Growing up our house was never tidy or clean. There was 'stuff' everywhere and housework was never a strong point... my friends used to ask why my Mum couldn't keep it tidy then their parents worked full time and could, my brother used to pretend the bathroom light didn't work so his friends didn't have to see the state of it. We moved house before my teenage years, which was great and a fresh start however after I flew the nest (last to go) the current house has steadily headed the same way.

My Mum wasn't brought up in a house where housework was particularly relevant and that rubbed off, she will take the hoover around however it's half hearted and she seems almost blind to the jobs which actually need doing. I understand that, as I was the same when I first moved out but she doesn't seem willing to learn, and I think there's an essence of laziness in there. Simple things like throwing out food from the fridge that have clearly gone off just don't happen and posessions have bizarre little homes which make NO sense to anybody else.

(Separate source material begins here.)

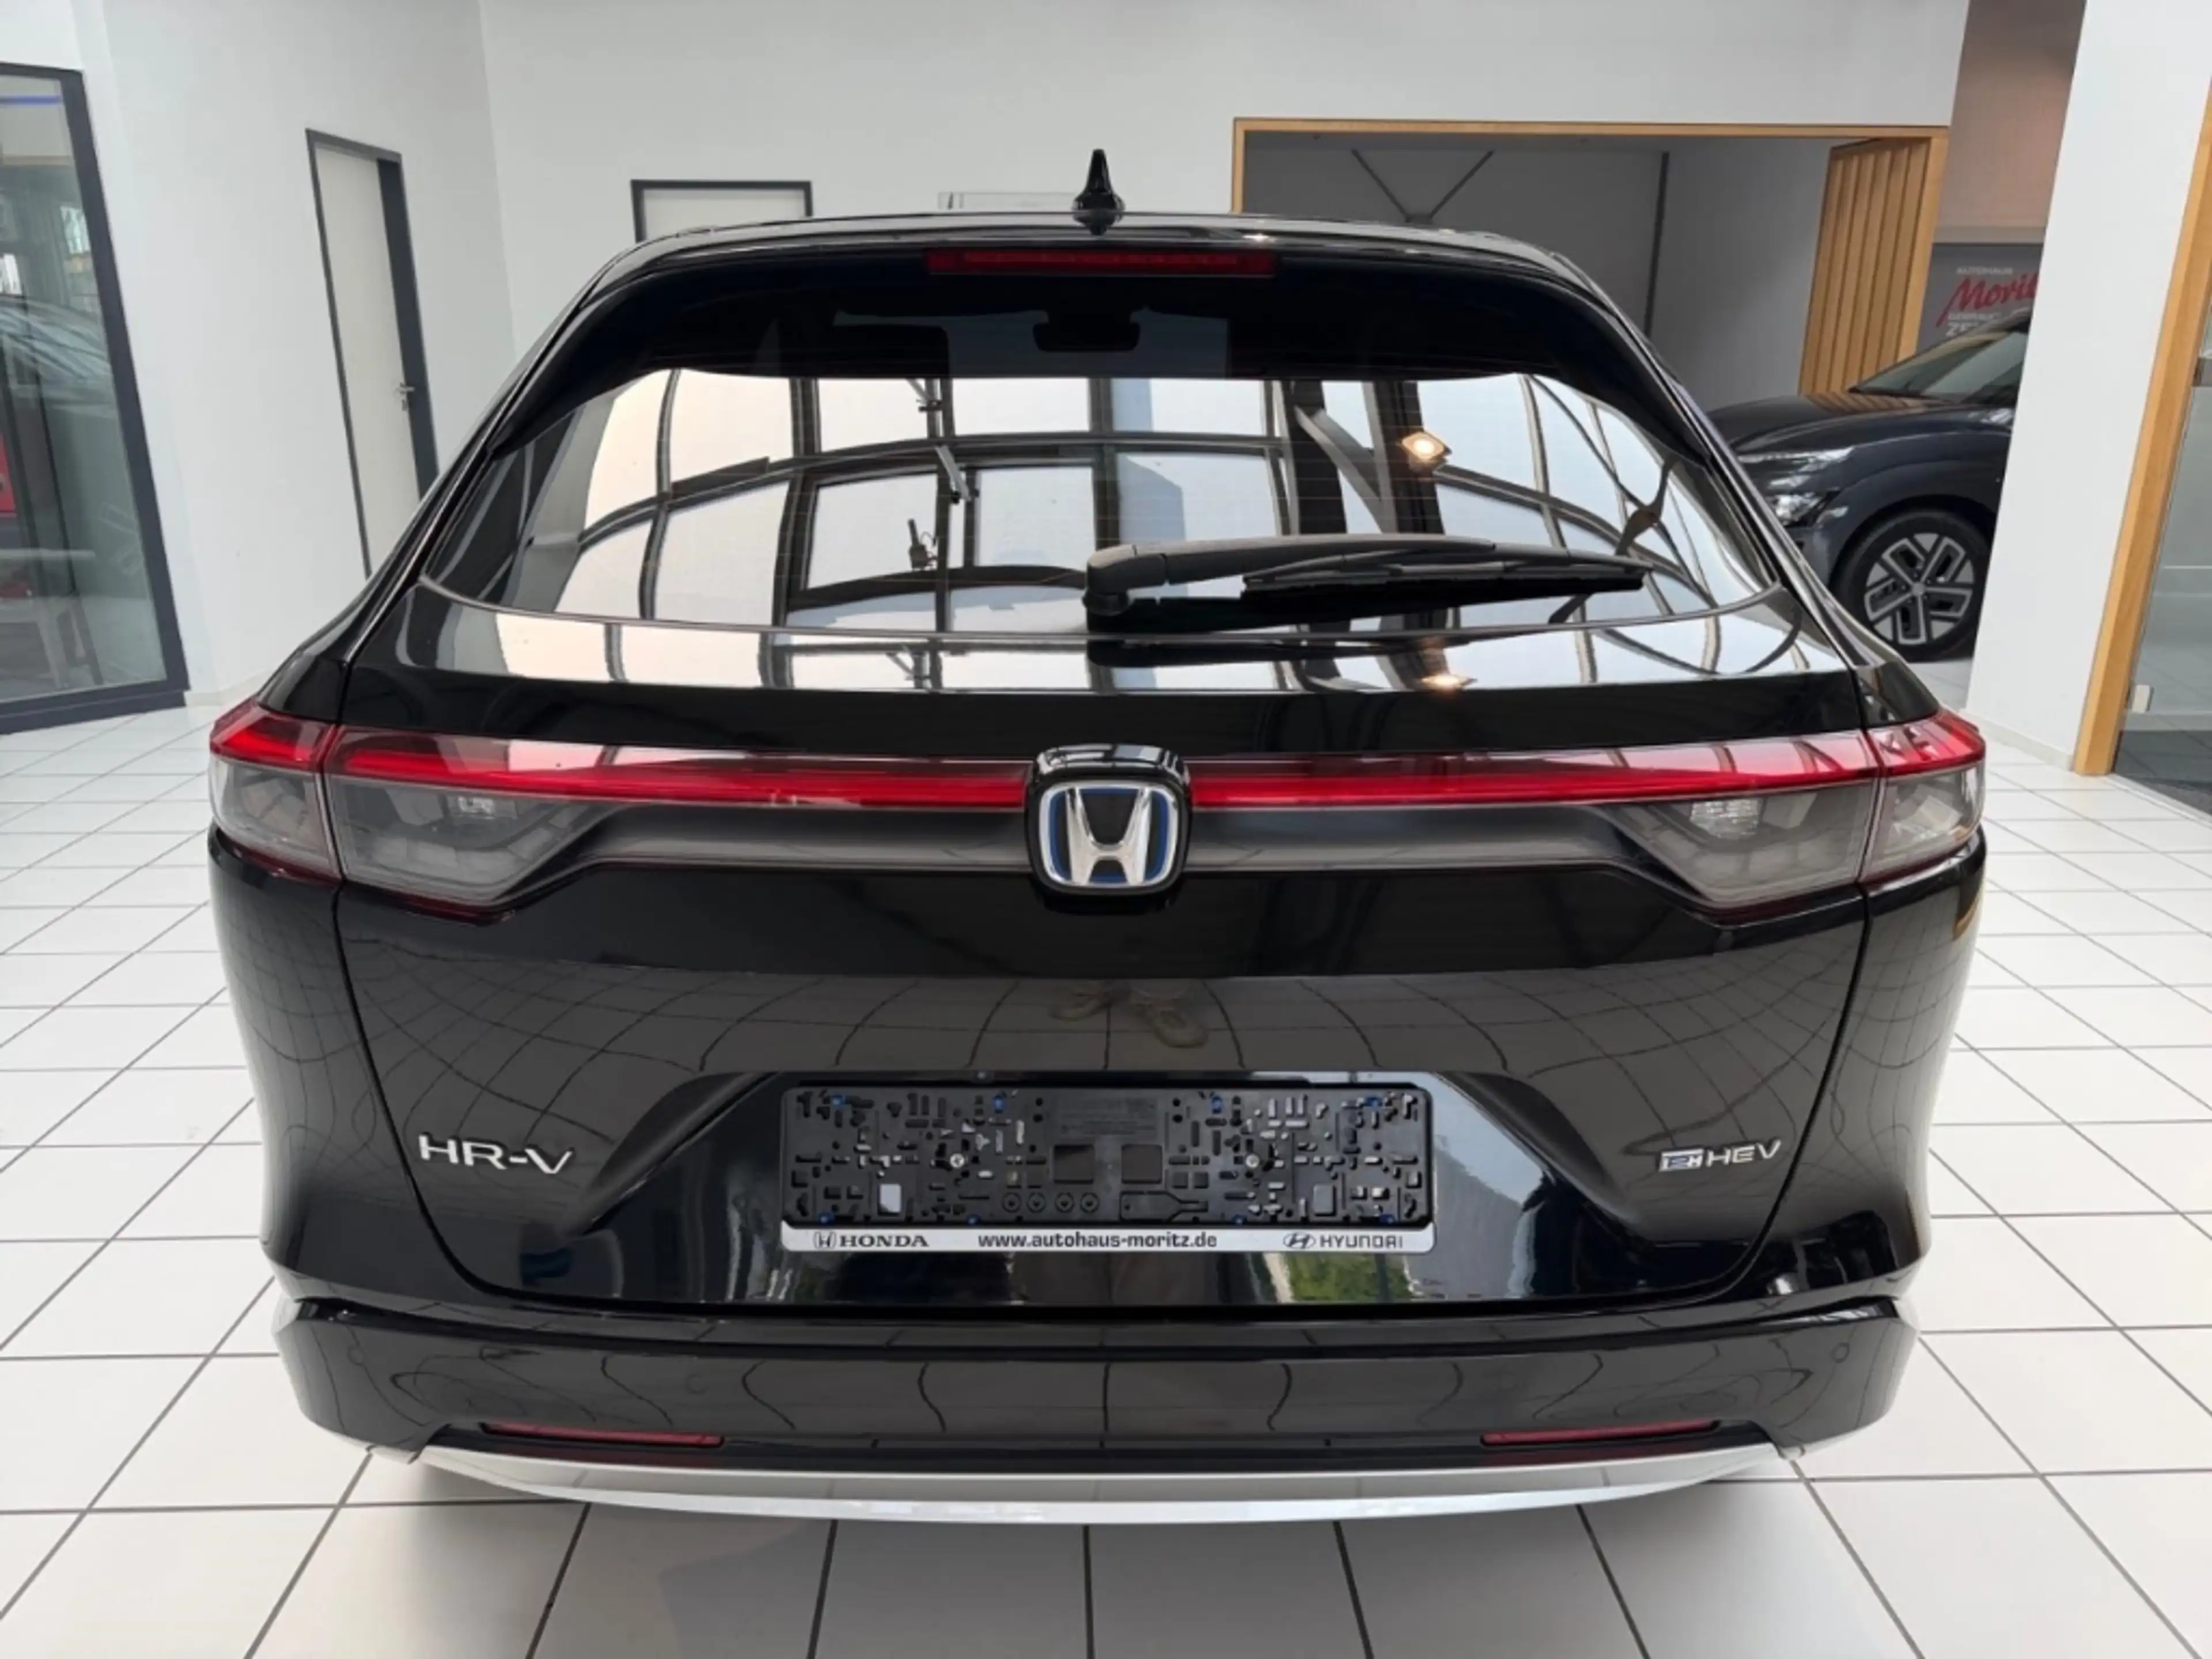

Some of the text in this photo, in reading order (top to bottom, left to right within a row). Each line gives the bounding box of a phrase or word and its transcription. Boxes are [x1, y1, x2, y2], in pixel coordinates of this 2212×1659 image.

The kitchen cupboards are full to the point where there is a wall of food when you open them, and the worktops have become storage - you have to clear a space for a chopping board. My mum retired early and a lot purchases are impulsive and likely down to boredom, she buys million of cookbooks and exotic ingredients but rarely cooks from scratch. They've lived in the house for over a decade but never redecorated some of the rooms, repairs are only carrier out in absolutely essential and workmen are a last resort.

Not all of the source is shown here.